**Task description:** Read the entries that follow and give each one again precisely.
<<<<
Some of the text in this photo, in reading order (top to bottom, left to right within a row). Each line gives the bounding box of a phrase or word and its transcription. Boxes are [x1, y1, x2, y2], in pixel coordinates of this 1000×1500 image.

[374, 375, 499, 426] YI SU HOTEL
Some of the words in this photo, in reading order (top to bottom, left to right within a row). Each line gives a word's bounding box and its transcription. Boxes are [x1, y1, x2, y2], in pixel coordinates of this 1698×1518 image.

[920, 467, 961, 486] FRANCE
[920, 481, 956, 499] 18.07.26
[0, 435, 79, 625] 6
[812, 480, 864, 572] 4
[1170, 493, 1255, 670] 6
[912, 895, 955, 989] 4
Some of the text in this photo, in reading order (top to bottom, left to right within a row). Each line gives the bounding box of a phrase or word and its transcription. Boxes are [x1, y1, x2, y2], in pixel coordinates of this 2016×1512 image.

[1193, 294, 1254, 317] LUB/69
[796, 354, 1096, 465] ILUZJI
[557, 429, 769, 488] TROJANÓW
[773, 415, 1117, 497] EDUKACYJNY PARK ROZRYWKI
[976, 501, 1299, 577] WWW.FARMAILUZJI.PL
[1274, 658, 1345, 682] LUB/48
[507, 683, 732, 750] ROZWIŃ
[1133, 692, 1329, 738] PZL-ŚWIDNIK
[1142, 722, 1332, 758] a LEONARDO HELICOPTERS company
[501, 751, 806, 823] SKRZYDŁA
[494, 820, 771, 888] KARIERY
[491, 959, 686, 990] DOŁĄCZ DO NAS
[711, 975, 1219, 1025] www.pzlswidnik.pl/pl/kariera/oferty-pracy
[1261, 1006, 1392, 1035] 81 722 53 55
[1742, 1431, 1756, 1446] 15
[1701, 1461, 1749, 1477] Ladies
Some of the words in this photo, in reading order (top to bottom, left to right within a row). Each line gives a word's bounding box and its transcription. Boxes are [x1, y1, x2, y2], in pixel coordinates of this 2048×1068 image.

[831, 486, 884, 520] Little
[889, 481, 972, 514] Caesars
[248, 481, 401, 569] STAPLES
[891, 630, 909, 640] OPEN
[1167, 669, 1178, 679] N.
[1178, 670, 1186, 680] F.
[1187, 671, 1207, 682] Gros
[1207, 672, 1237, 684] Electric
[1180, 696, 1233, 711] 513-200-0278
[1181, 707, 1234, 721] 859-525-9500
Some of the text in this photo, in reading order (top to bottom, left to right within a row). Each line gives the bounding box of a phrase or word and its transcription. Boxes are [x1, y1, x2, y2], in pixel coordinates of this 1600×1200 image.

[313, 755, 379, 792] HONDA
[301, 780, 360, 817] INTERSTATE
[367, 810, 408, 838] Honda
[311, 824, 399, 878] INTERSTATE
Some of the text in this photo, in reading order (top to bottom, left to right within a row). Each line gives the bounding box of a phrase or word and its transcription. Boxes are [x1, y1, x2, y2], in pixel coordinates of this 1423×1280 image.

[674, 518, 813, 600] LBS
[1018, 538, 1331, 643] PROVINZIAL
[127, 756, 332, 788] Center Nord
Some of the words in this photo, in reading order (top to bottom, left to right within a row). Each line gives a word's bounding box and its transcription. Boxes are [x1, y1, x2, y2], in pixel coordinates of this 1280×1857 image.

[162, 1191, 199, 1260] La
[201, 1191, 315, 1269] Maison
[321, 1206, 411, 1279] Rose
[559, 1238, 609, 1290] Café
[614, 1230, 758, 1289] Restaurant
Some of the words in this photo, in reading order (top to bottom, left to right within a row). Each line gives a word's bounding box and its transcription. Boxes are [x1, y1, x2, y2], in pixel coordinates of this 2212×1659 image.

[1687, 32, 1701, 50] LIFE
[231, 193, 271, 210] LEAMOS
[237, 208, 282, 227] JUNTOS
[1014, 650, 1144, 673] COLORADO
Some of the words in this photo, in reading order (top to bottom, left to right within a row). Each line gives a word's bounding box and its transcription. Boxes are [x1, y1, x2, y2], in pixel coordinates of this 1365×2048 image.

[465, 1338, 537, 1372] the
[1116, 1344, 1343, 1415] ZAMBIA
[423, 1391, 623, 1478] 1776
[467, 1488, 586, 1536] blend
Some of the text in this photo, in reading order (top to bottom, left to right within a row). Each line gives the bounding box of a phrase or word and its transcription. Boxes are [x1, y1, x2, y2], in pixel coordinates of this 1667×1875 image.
>>>>
**Response box:**
Some of the text in this photo, in reading order (top to bottom, left to right within a row). Each line gives the bounding box of a phrase or word and its transcription. Boxes are [x1, y1, x2, y2], in pixel coordinates of this 1000×1500 image.

[374, 375, 499, 426] YI SU HOTEL
Some of the words in this photo, in reading order (top to bottom, left to right within a row). Each line gives a word's bounding box and its transcription. Boxes are [x1, y1, x2, y2], in pixel coordinates of this 1698×1518 image.

[920, 467, 961, 486] FRANCE
[920, 481, 956, 499] 18.07.26
[0, 435, 79, 625] 6
[812, 480, 864, 572] 4
[1170, 493, 1255, 670] 6
[912, 895, 955, 989] 4
Some of the text in this photo, in reading order (top to bottom, left to right within a row). Each line gives the bounding box of a phrase or word and its transcription. Boxes are [x1, y1, x2, y2], in pixel coordinates of this 2016×1512 image.

[1193, 294, 1254, 317] LUB/69
[796, 354, 1096, 465] ILUZJI
[557, 429, 769, 488] TROJANÓW
[773, 415, 1117, 497] EDUKACYJNY PARK ROZRYWKI
[976, 501, 1299, 577] WWW.FARMAILUZJI.PL
[1274, 658, 1345, 682] LUB/48
[507, 683, 732, 750] ROZWIŃ
[1133, 692, 1329, 738] PZL-ŚWIDNIK
[1142, 722, 1332, 758] a LEONARDO HELICOPTERS company
[501, 751, 806, 823] SKRZYDŁA
[494, 820, 771, 888] KARIERY
[491, 959, 686, 990] DOŁĄCZ DO NAS
[711, 975, 1219, 1025] www.pzlswidnik.pl/pl/kariera/oferty-pracy
[1261, 1006, 1392, 1035] 81 722 53 55
[1742, 1431, 1756, 1446] 15
[1701, 1461, 1749, 1477] Ladies
Some of the words in this photo, in reading order (top to bottom, left to right within a row). Each line gives a word's bounding box and its transcription. Boxes are [x1, y1, x2, y2], in pixel coordinates of this 2048×1068 image.

[831, 486, 884, 520] Little
[889, 481, 972, 514] Caesars
[248, 481, 401, 569] STAPLES
[891, 630, 909, 640] OPEN
[1167, 669, 1178, 679] N.
[1178, 670, 1186, 680] F.
[1187, 671, 1207, 682] Gros
[1207, 672, 1237, 684] Electric
[1180, 696, 1233, 711] 513-200-0278
[1181, 707, 1234, 721] 859-525-9500
Some of the text in this photo, in reading order (top to bottom, left to right within a row). Each line gives the bounding box of a phrase or word and its transcription. Boxes are [x1, y1, x2, y2], in pixel coordinates of this 1600×1200 image.

[313, 755, 379, 792] HONDA
[301, 780, 360, 817] INTERSTATE
[367, 810, 408, 838] Honda
[311, 824, 399, 878] INTERSTATE
Some of the text in this photo, in reading order (top to bottom, left to right within a row). Each line gives the bounding box of a phrase or word and its transcription. Boxes are [x1, y1, x2, y2], in pixel coordinates of this 1423×1280 image.

[674, 518, 813, 600] LBS
[1018, 538, 1331, 643] PROVINZIAL
[127, 756, 332, 788] Center Nord
Some of the words in this photo, in reading order (top to bottom, left to right within a row). Each line gives a word's bounding box and its transcription. Boxes are [x1, y1, x2, y2], in pixel coordinates of this 1280×1857 image.

[162, 1191, 199, 1260] La
[201, 1191, 315, 1269] Maison
[321, 1206, 411, 1279] Rose
[559, 1238, 609, 1290] Café
[614, 1230, 758, 1289] Restaurant
Some of the words in this photo, in reading order (top to bottom, left to right within a row). Each line gives a word's bounding box and its transcription. Boxes are [x1, y1, x2, y2], in pixel coordinates of this 2212×1659 image.

[1687, 32, 1701, 50] LIFE
[231, 193, 271, 210] LEAMOS
[237, 208, 282, 227] JUNTOS
[1014, 650, 1144, 673] COLORADO
Some of the words in this photo, in reading order (top to bottom, left to right within a row). Each line gives a word's bounding box and its transcription. Boxes are [x1, y1, x2, y2], in pixel coordinates of this 1365×2048 image.

[465, 1338, 537, 1372] the
[1116, 1344, 1343, 1415] ZAMBIA
[423, 1391, 623, 1478] 1776
[467, 1488, 586, 1536] blend
Some of the text in this photo, in reading order (top to bottom, left to right within a row). Each line gives the bounding box of a phrase or word and its transcription. Boxes are [x1, y1, x2, y2], in pixel coordinates of this 1667×1875 image.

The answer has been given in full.